Siobhain Ann McDonagh was born on the 20th February 1960 at New Malden, being one of the two daughters of Cumin McDonagh and Breda McDonagh (née Doogue) who were respectively a builder and a nurse. She was educated at the Holy Cross Catholic Girls' School in New Malden, following which she attended the University of Essex where she studied politics. After graduating in 1981 she became a clerical officer for the Department of Health and Social Security, but left in 1982 to go and work for Wandsworth Council, firstly as an administrative assistant (1982-1983), then as a receptionist at their Homeless Persons Unit (1983-1986), and finally as an adviser at their Housing Aid Centre (1986-1988). She subsequently worked as a development coordinator for the Battersea Churches Housing Trust until 1997.

A member of the Labour Party since her teens, Siobhain became the youngest councillor in London when she was elected to Merton Council in 1982 representing the Colliers Wood ward where she lived, and made her first speech at the Party conference in the following year at the age of twenty-three. When the Labour Party later won control of Merton Council in 1990, she became Chair of the Housing Committee and subsequently claimed much of the credit for the redevelopment of the Phipps Bridge Estate where the tower blocks were demolished and replaced by over 1,000 homes over the course of some four years.

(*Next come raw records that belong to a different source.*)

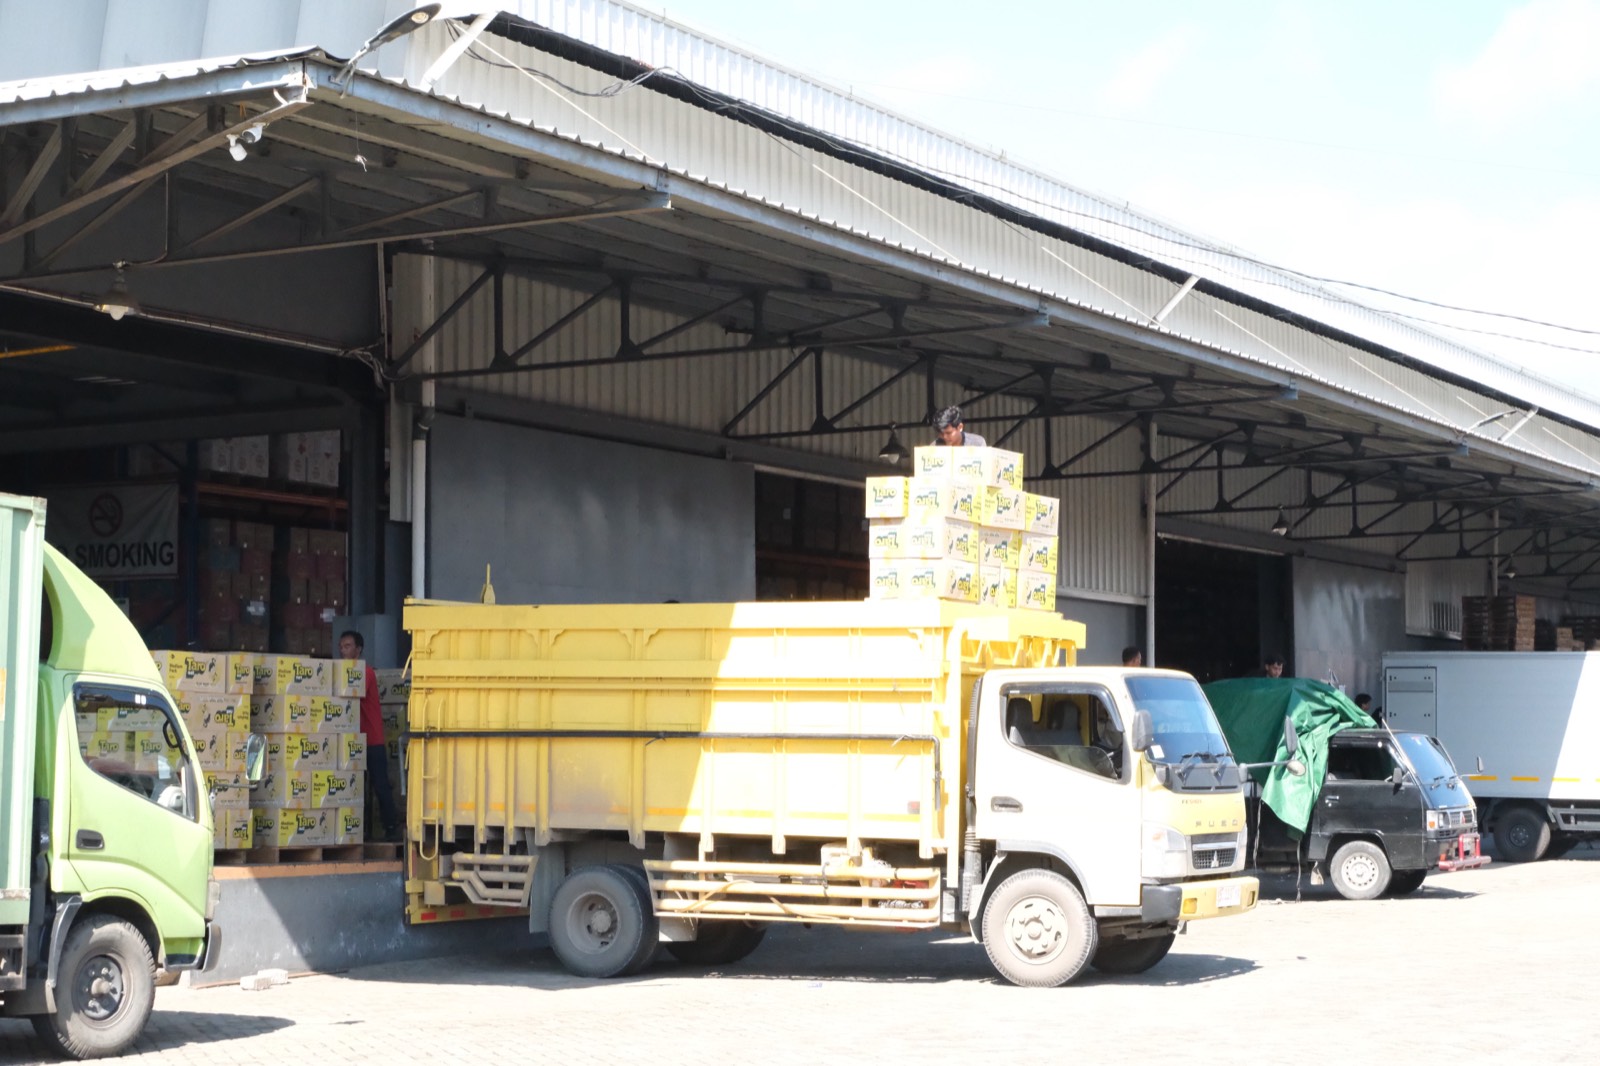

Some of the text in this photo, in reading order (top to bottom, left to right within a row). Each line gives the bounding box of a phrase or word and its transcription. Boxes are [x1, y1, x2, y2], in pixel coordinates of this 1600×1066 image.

[75, 541, 175, 568] SMOKING
[185, 657, 206, 675] Taro
[234, 664, 250, 677] Taro
[254, 665, 273, 679] Taro
[293, 662, 314, 680] Taro
[347, 668, 362, 681] Taro
[214, 709, 235, 726] Taro
[290, 703, 307, 717] Taro
[324, 701, 342, 719] Taro
[300, 738, 319, 756] Taro
[348, 742, 363, 755] Taro
[291, 778, 308, 793] Taro
[328, 775, 347, 793] Taro
[296, 814, 316, 832] Taro
[344, 815, 360, 830] Taro
[234, 826, 248, 840] Taro

Her birthplace of New Malden and indeed Merton Council was part of the Mitcham and Morden constituency, represented in Parliament by Bruce Douglas-Mann on behalf of the Labour Party, at least until he defected to the rival Social Democratic Party in 1982, resigned his seat to fight a by-election, and duly lost his seat to the Conservative candidate. The seat was held by the redoubtable Angela Rumbold thereafter, although Siobhain was selected as the Labour PPC and stood against Ms Rumbold in both 1987 and 1992, managing to squeeze the Conservative majority down to 1,734 at her second attempt. Despite such disappointments Siobhain persevered and with the Labour landslide at the General Election of May 1997, was finally successful with a majority of 13,741 on a swing of 16%. Demographic changes have since made Mitcham and Morden more favourable Labour territory, and her majority in 2005 was a relatively secure 12,560.

Parliamentary Career

With her election to the House of Common in 1997, Siobhain joined the ranks of Blair's Babes and "swiftly", as the Evening Standard once put it, "acquired a reputation as a robotic cheerleader for the Government", although she justified her actions by saying that she made "no apology for attempting to ask questions which allow the many achievements of the Government to be publicised". Her one claim to fame was when she introduced a Private Members Bill in June 1999 that would have allowed Catholic priests to sit in the House of Commons, being that she was herself a reasonably devout Catholic whilst her research assistant David Cairns was indeed a former Catholic priest with political ambitions. Although the measure failed, the government later introduced its own bill, and Mr Cairns duly became the member for Greenock and Inverclyde in due course.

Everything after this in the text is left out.